Following her fall, Karen, another of Helen’s daughters, said that she noticed “a significant decline” in her mother, and that it was “apparent she was withdrawing more and more.”

Her sister Lisa, who called Helen “an amazing nan to my sons”, said that her mother’s inability to be mobile after the fall “would have contributed to her giving up.”

Following the accident, Helen was moved to Andover War Memorial Hospital, and then Willow Court Care Home.

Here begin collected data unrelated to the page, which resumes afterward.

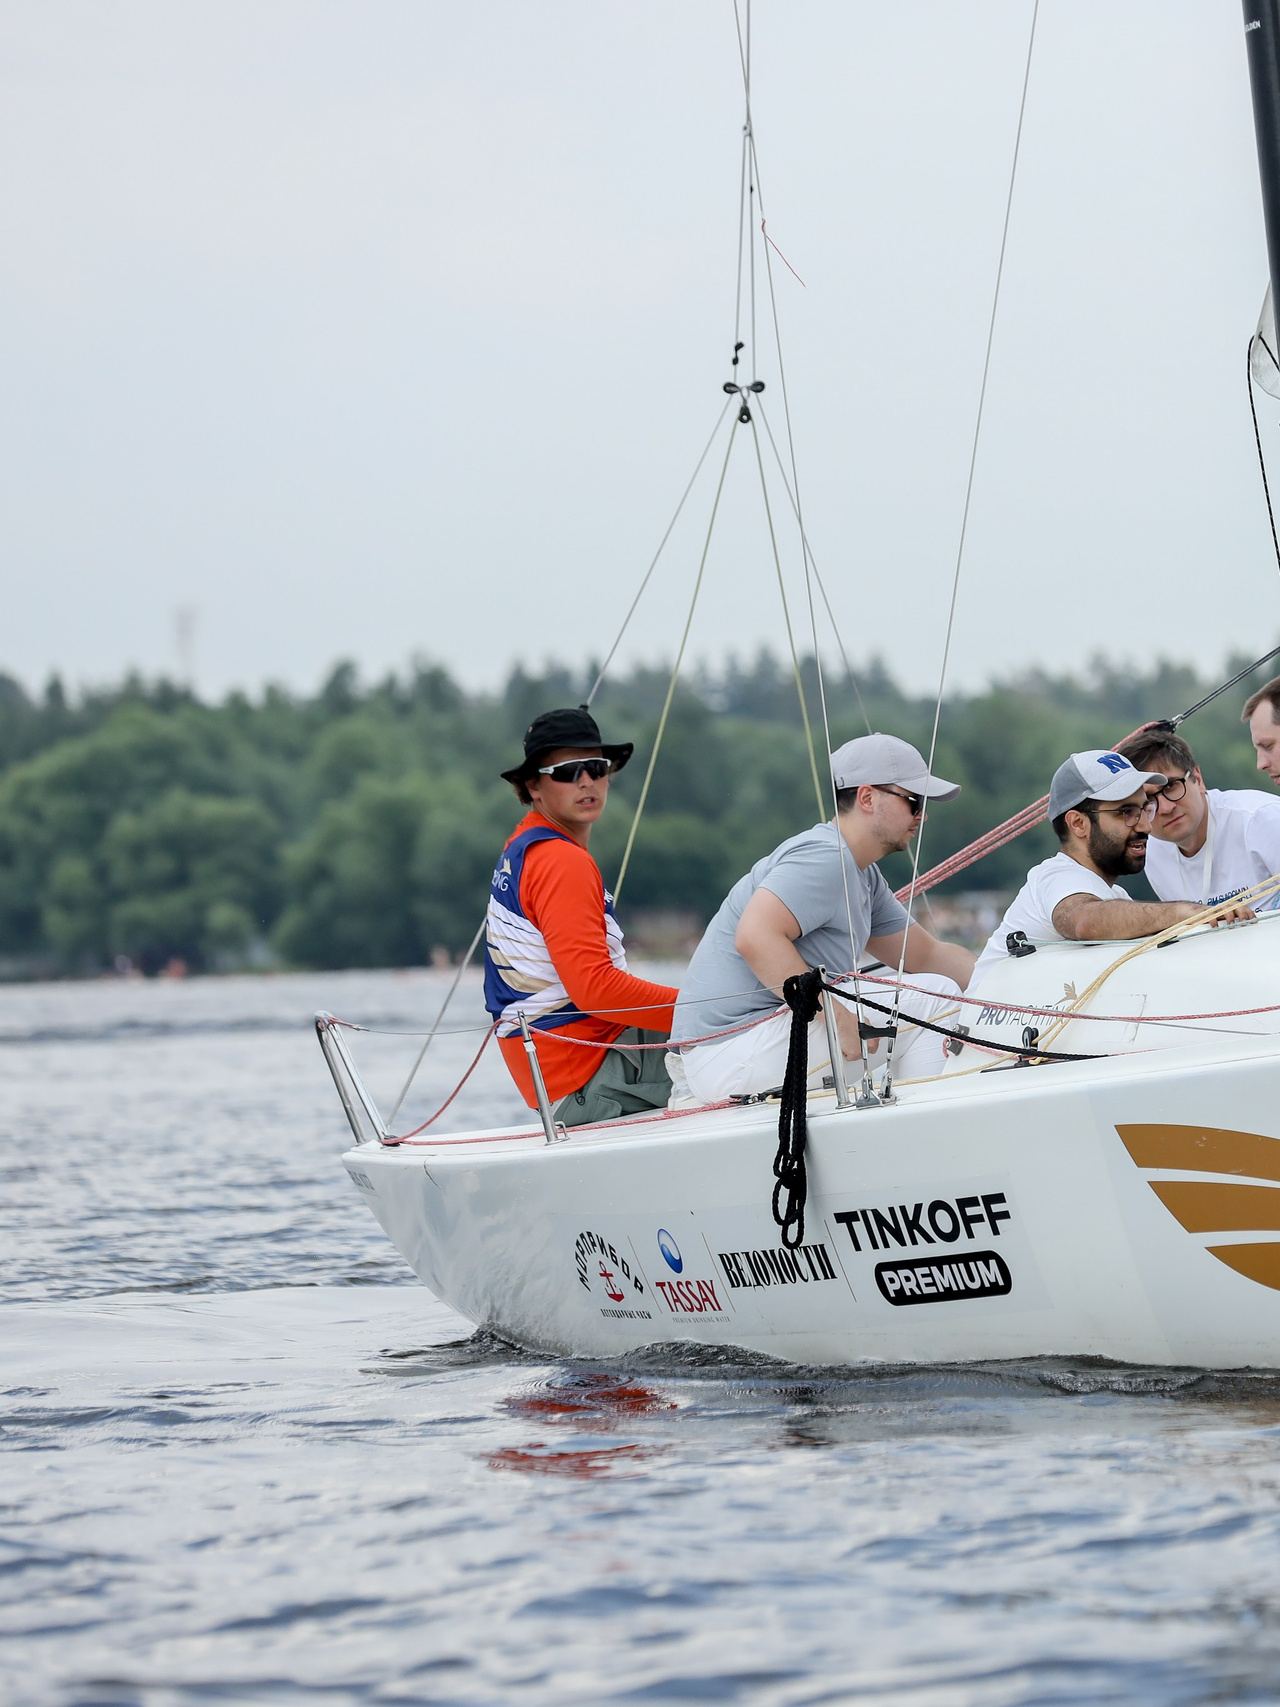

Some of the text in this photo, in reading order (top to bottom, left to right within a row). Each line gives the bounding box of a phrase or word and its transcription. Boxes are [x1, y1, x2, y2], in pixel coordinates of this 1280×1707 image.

[1096, 753, 1131, 774] N
[975, 1004, 1077, 1026] PROYACHTIN
[833, 1192, 1012, 1252] TINKOFF
[717, 1243, 838, 1292] ВЕДОМОСТИ
[881, 1259, 1005, 1298] PREMIUM
[655, 1279, 723, 1313] TASSAY

It was here she passed away on April 19 2020.

Delivering his verdict, the corner said that Helen “loved and cared for others and was very much loved herself” and that it was “quite obvious she is desperately missed.”

Pegg said that the fall at her home “started a train of events which caused progressive deterioration”.

He said that she “should have been supervised when mobilising from her bed” at Basingstoke Hospital and that “the consequences in the long run of that fractured femur were further deterioration and that fractured neck of femur reduced her ability to recover.”

He said that both falls were the result of accidents, and declared a verdict of accidental death.